ABSTRACT. By analyzing the multiscale evolutionary sequences of knowledge types in early thematic knowledge networks, this study explores the characteristics and driving mechanisms of the early emergence and development of transformative innovation topics. By acquiring data on papers, patents, and product information, thematic co-occurrence networks are constructed to obtain scientific, technological, and industrial knowledge networks. Subsequently, temporal knowledge sub-networks of the three types are obtained by year, and from various micro-scale perspectives (nodes, edges, and graphlets) and meso-scale perspectives (topic communities), the number of multiscale knowledge types contained in the knowledge networks is extracted to form multiscale knowledge type evolutionary sequences. Utilizing dynamic time warping to measure the similarity between knowledge type evolutionary sequences, the Isolation Forest and COPOD methods are employed to detect mutations in sequence evolution.
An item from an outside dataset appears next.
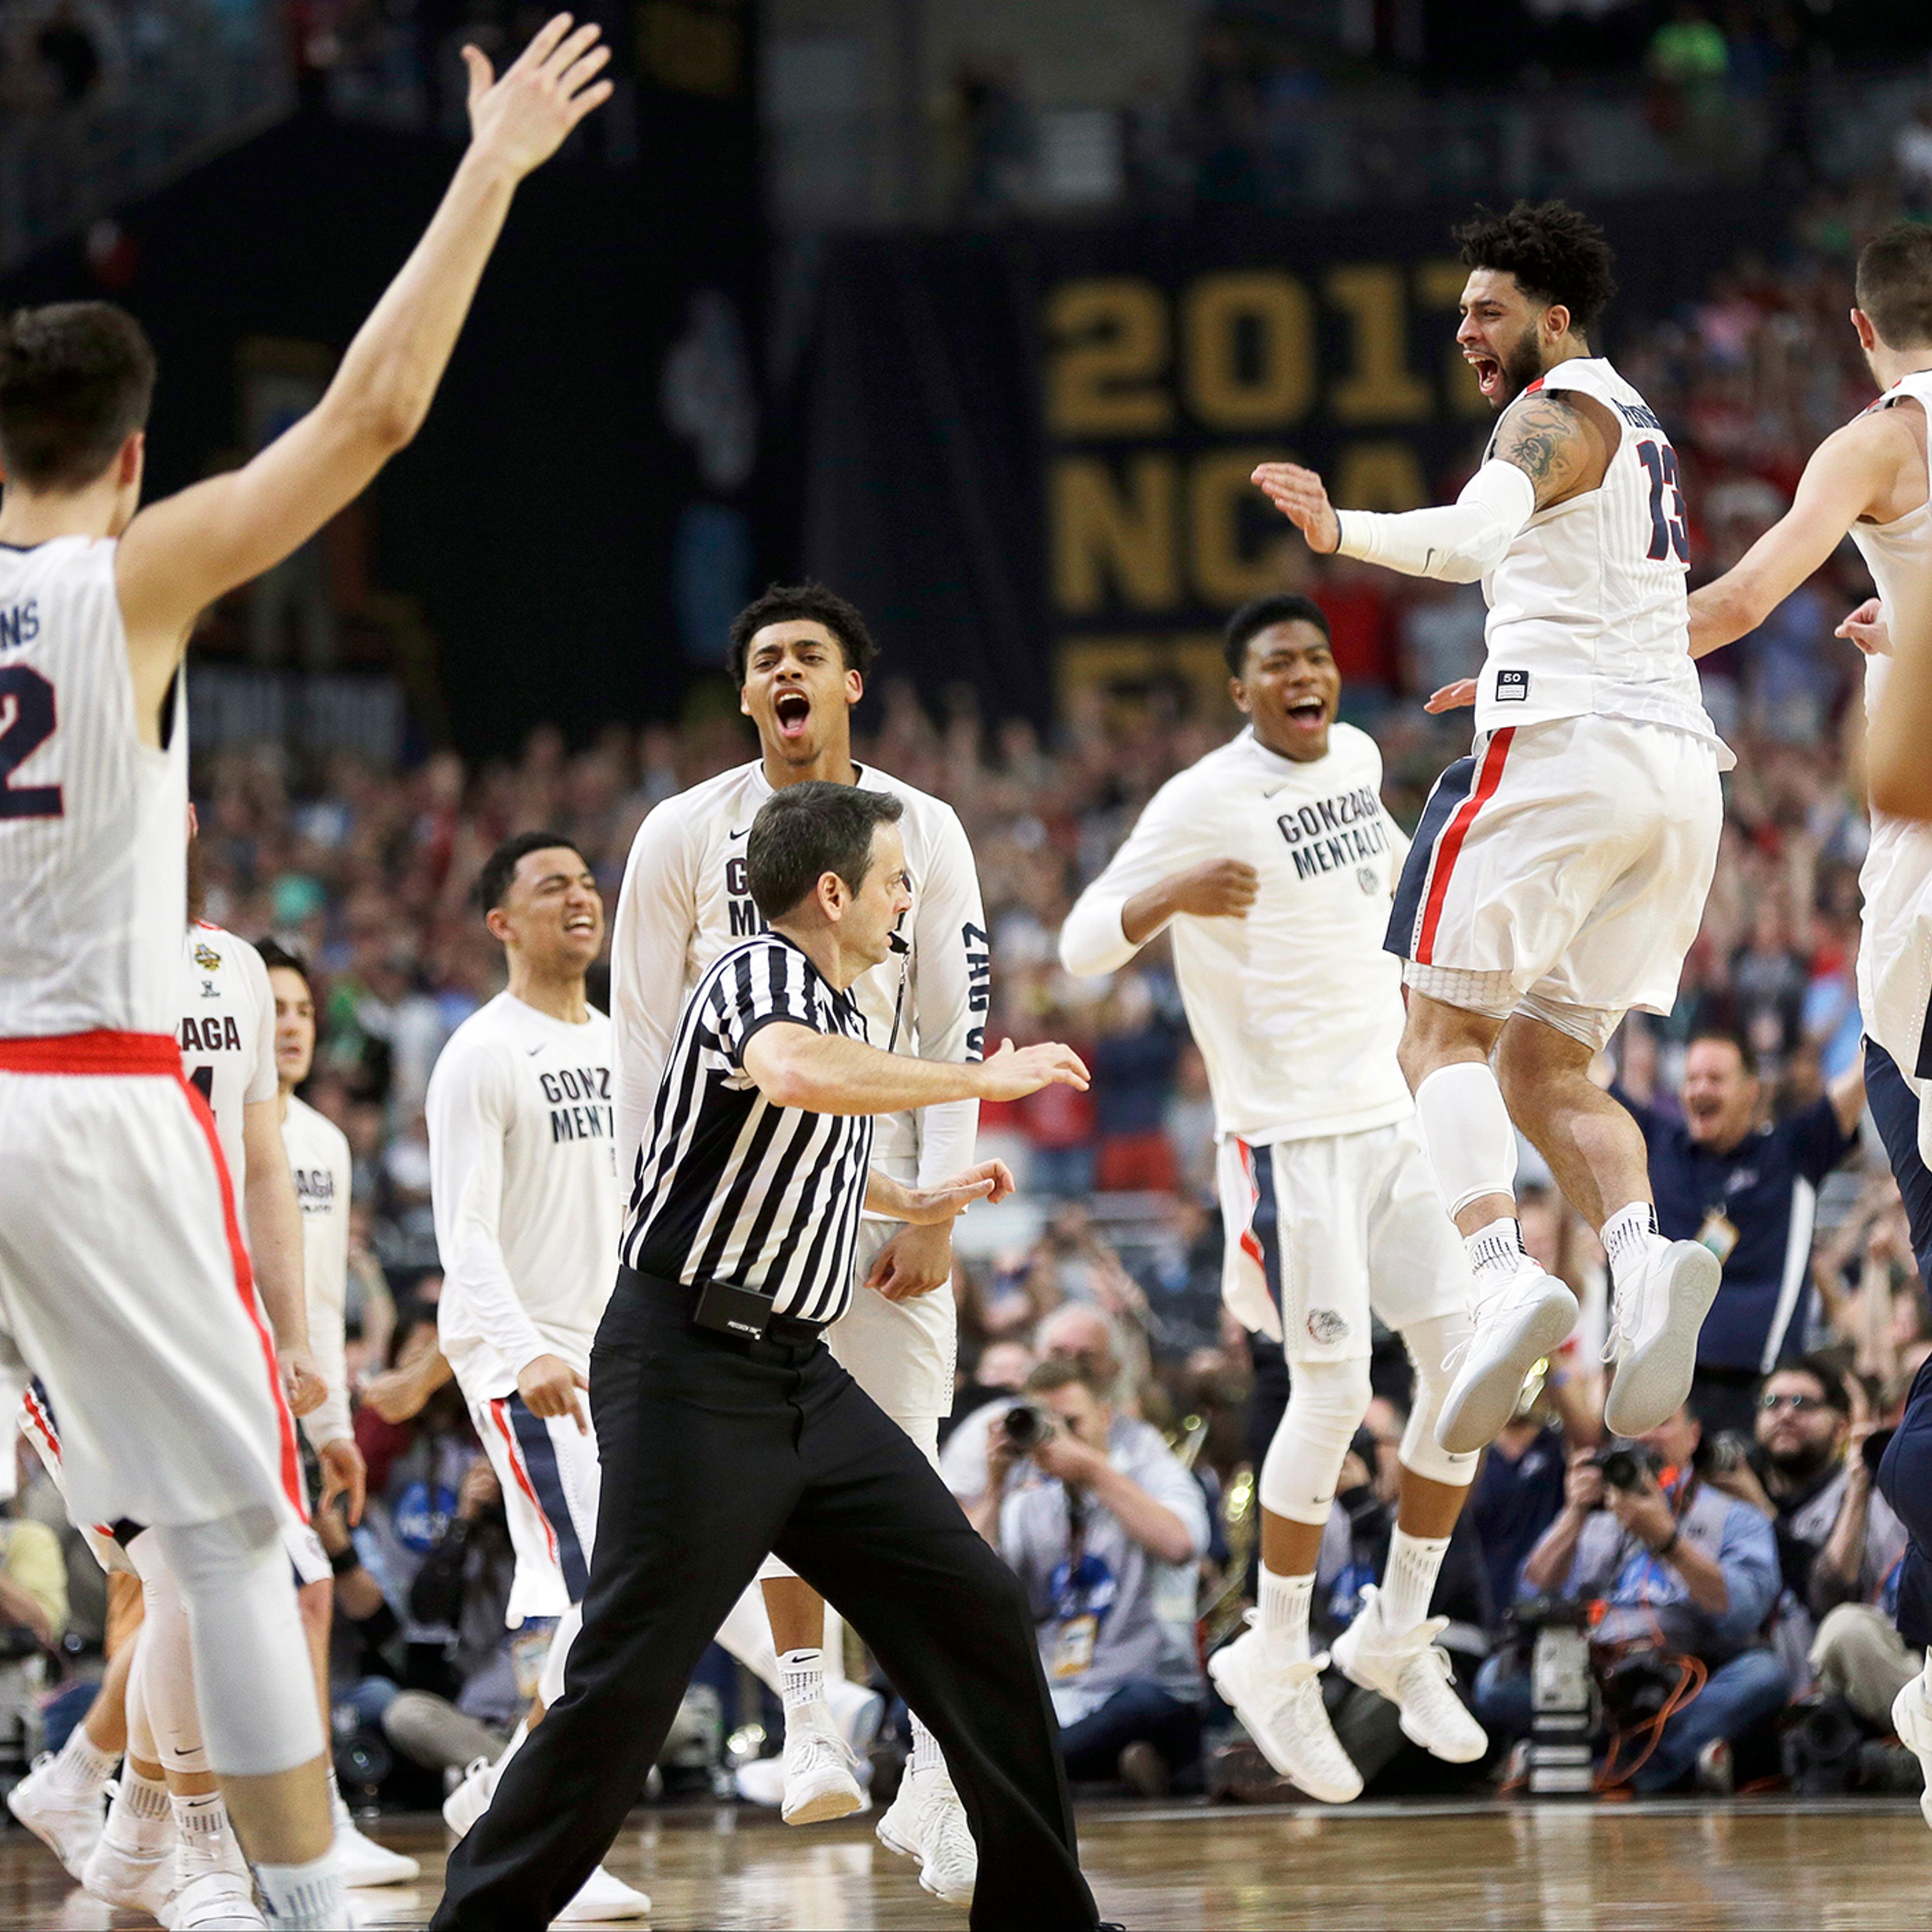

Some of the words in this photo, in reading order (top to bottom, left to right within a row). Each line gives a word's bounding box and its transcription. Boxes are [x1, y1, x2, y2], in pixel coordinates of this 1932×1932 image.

Finally, the transfer entropy method is used to explore the predictive causal relationships between different knowledge type evolutionary sequences. This paper selects the field of regenerative medicine (stem cells) and leukemia for comparative analysis, investigating the characteristics of knowledge type evolution in disruptive technology fields and incremental technology fields from a micro-meso linkage perspective, and analyzing the relationships and mechanisms of action among multiscale knowledge type evolution.

16:05
A Study on Sustainability of Emerging Industries: A Comparative Text-Mining and Thematic Analysis
PRESENTER: Hung-Chi Chang

ABSTRACT. How do emerging sectors implement social responsibility? How do emerging sectors achieve sustainability? This study aims to explore how firms implement social responsibility to achieve sustainability in emerging sectors by analyzing the sustainability reports of 34 firms in the semiconductor industry and 34 firms in the finance-insurance industries, which are public listing companies in Taiwan. Combining text-mining techniques and thematic analysis, this study attempts to delineate the definitions of sustainability for these industries by comparing and contrasting the text-ming preliminary results with the findings gathered from analyzing the content of the firms' annual reports. The result shows the semiconductor industry was identified as "Employees" and "Environment," while for the finance insurance industry, the main keyword was "Risk." This shows that the semiconductor industry should care about employee well-being, training, and development and implement environmentally friendly practices. An effective risk management mechanism in the financial industry should be established to ensure stable operations and profitability. In conclusion, sustainability issues originate from enhancing the development of business to achieve the stable operation and profitability of these industries. This study integrates text-mining and thematic analysis to enhance the improved findings. This approach deeply explores sustainability reporting, uncovering subtle differences and hidden patterns, provides empirical evidence on corporate sustainability, and helps guide policy formulation and corporate practices.